Tuesday, May 22, 2012
Haiti: Former Haitian telecom official gets 9 years in prison for bribery
MIAMI — A federal judge Monday sentenced a former top official of Haiti's state-owned telephone company to nine years in prison, after describing as "ludicrous" his testimony that the bribes he took from two Miami businesses were gifts for doing such a good job for them.
"It's perjurious," U.S. District Judge Jose Martinez said of Jean Rene Duperval's trial testimony in March. Duperval testified that the nearly $500,000 in bribes he received from two local telecom contractors were "tokens of appreciation."
The judge's finding of obstruction of justice, with other factors such as the amount of the kickbacks, doubled Duperval's sentencing under federal guidelines. Martinez ordered Duperval, 45, to pay the kickback amount to the U.S. government. The defendant used some of the money to buy his Miramar home and finance his three children's Florida Prepaid College Plans, prosecutors said.

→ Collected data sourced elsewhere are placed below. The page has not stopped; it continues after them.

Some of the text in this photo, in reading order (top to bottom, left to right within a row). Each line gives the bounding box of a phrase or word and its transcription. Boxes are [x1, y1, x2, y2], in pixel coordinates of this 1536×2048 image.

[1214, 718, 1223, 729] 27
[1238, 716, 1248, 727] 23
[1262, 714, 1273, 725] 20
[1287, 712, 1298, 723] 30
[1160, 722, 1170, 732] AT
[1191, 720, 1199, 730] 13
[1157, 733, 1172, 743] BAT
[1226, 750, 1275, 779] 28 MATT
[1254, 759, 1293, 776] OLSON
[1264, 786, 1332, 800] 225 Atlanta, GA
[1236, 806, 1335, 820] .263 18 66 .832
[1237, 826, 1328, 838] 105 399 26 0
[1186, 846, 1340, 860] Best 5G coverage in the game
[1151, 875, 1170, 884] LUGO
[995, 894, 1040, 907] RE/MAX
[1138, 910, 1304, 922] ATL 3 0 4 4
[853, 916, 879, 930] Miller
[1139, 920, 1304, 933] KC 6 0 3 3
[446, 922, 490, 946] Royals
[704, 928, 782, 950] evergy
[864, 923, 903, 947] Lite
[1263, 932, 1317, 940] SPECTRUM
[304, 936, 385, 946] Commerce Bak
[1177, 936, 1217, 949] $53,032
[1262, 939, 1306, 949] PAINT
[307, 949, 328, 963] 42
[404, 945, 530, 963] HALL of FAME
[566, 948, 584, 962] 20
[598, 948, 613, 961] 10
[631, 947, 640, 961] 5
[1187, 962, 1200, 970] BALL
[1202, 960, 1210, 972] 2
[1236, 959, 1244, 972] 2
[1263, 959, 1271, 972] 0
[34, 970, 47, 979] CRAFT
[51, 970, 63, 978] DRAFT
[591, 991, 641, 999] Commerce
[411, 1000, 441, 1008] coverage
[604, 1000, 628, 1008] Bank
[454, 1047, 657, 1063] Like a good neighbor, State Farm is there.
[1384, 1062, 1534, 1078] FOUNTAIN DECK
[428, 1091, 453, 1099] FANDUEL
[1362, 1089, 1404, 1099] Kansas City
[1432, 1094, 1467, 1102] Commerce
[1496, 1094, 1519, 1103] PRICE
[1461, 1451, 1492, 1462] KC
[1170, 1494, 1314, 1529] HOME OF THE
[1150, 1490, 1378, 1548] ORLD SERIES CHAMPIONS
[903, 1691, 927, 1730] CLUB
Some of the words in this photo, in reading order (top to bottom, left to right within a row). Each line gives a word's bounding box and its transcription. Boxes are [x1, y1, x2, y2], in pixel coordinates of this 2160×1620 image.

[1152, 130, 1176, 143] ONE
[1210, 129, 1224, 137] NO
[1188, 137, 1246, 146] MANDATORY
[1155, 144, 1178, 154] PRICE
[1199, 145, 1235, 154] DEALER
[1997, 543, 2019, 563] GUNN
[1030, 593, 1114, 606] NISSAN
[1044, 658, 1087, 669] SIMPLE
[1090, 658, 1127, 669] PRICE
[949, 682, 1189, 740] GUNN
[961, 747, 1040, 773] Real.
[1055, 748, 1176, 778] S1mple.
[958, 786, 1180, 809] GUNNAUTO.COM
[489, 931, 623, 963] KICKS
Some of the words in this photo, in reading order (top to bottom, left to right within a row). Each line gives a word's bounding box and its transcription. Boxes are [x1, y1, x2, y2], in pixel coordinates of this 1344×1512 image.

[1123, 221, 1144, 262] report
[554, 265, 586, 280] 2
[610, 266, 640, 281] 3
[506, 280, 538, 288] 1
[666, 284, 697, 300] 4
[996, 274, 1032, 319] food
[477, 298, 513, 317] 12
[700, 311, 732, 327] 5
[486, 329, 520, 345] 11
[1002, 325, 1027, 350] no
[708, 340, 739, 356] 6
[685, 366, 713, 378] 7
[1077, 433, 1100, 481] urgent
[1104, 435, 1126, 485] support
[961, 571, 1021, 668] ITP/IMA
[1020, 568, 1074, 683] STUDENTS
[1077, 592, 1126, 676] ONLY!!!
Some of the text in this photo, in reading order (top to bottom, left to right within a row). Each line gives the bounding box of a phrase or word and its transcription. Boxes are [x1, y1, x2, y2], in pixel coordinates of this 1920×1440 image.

Duperval's wife, Ingrid, tried to impress upon the judge that her husband was a U.S.-educated engineer from a prominent Haitian family headed by two doctors, and she wished Martinez had met him "under better circumstances."
Justice Department prosecutor James Koukios offered a different portrayal, saying Duperval "was born with a silver spoon in his mouth."
"And what did he do? He exploited that benefit" to obtain a high-ranking management job with Haiti Teleco and loot the country and line his pockets, Koukios said.
In March, a Miami federal jury found that the two telecommunications companies, Cinergy and Terra, secured discounted long-distance phone rates with Haiti Teleco due to the payoffs to Duperval. He was convicted of money laundering and conspiracy related to accepting the bribes.
Duperval, who was hired as Haiti Teleco's director of international relations by President Jean-Bertrand Aristide in 2003, is the first Haitian government official to be convicted at trial by the Justice Department under the Foreign Corrupt Practices Act. The law prohibits American businesses from paying bribes to foreign businesses and government officials.
Duperval's former boss at Haiti Teleco, Patrick Joseph, pleaded guilty to similar charges earlier this year. Joseph, 50, is the Justice Department's main witness in a long-running investigation into Aristide's alleged role in the Haiti Teleco bribery case.
In March, Joseph's father was shot to death in the capital of Port-au-Prince.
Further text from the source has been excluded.